## Problem to solve
The full listing below should be returned without a single change.

## Given data
|---|
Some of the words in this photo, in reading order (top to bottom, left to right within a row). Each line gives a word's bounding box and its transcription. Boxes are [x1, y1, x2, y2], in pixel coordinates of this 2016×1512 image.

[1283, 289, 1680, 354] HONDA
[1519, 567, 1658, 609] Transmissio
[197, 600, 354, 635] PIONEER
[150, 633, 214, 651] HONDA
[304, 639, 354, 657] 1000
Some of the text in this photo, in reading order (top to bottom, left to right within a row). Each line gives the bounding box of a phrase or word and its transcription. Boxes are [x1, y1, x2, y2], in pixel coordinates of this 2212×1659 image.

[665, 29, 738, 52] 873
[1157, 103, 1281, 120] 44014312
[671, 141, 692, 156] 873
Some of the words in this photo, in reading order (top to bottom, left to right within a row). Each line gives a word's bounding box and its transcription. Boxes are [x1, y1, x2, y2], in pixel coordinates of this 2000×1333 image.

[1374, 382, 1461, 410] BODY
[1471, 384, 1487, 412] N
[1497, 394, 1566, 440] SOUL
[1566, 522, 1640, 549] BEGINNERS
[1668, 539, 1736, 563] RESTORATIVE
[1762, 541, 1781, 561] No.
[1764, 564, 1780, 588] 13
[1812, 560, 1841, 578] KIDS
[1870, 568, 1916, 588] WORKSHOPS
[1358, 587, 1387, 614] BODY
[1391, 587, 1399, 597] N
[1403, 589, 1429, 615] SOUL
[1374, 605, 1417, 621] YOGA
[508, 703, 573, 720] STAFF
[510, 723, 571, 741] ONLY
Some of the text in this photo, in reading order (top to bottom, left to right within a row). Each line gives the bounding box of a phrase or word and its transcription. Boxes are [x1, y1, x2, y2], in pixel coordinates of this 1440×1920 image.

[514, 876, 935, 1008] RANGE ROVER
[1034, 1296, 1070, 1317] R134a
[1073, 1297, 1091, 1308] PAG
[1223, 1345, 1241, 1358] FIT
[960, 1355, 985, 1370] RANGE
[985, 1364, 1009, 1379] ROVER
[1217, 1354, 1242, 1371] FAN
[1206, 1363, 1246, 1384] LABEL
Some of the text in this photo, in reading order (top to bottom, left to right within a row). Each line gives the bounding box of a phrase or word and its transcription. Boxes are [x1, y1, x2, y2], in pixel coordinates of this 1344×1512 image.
|---|
## Task response
Some of the words in this photo, in reading order (top to bottom, left to right within a row). Each line gives a word's bounding box and its transcription. Boxes are [x1, y1, x2, y2], in pixel coordinates of this 2016×1512 image.

[1283, 289, 1680, 354] HONDA
[1519, 567, 1658, 609] Transmissio
[197, 600, 354, 635] PIONEER
[150, 633, 214, 651] HONDA
[304, 639, 354, 657] 1000
Some of the text in this photo, in reading order (top to bottom, left to right within a row). Each line gives the bounding box of a phrase or word and its transcription. Boxes are [x1, y1, x2, y2], in pixel coordinates of this 2212×1659 image.

[665, 29, 738, 52] 873
[1157, 103, 1281, 120] 44014312
[671, 141, 692, 156] 873
Some of the words in this photo, in reading order (top to bottom, left to right within a row). Each line gives a word's bounding box and its transcription. Boxes are [x1, y1, x2, y2], in pixel coordinates of this 2000×1333 image.

[1374, 382, 1461, 410] BODY
[1471, 384, 1487, 412] N
[1497, 394, 1566, 440] SOUL
[1566, 522, 1640, 549] BEGINNERS
[1668, 539, 1736, 563] RESTORATIVE
[1762, 541, 1781, 561] No.
[1764, 564, 1780, 588] 13
[1812, 560, 1841, 578] KIDS
[1870, 568, 1916, 588] WORKSHOPS
[1358, 587, 1387, 614] BODY
[1391, 587, 1399, 597] N
[1403, 589, 1429, 615] SOUL
[1374, 605, 1417, 621] YOGA
[508, 703, 573, 720] STAFF
[510, 723, 571, 741] ONLY
Some of the text in this photo, in reading order (top to bottom, left to right within a row). Each line gives the bounding box of a phrase or word and its transcription. Boxes are [x1, y1, x2, y2], in pixel coordinates of this 1440×1920 image.

[514, 876, 935, 1008] RANGE ROVER
[1034, 1296, 1070, 1317] R134a
[1073, 1297, 1091, 1308] PAG
[1223, 1345, 1241, 1358] FIT
[960, 1355, 985, 1370] RANGE
[985, 1364, 1009, 1379] ROVER
[1217, 1354, 1242, 1371] FAN
[1206, 1363, 1246, 1384] LABEL
Some of the text in this photo, in reading order (top to bottom, left to right within a row). Each line gives the bounding box of a phrase or word and its transcription. Boxes are [x1, y1, x2, y2], in pixel coordinates of this 1344×1512 image.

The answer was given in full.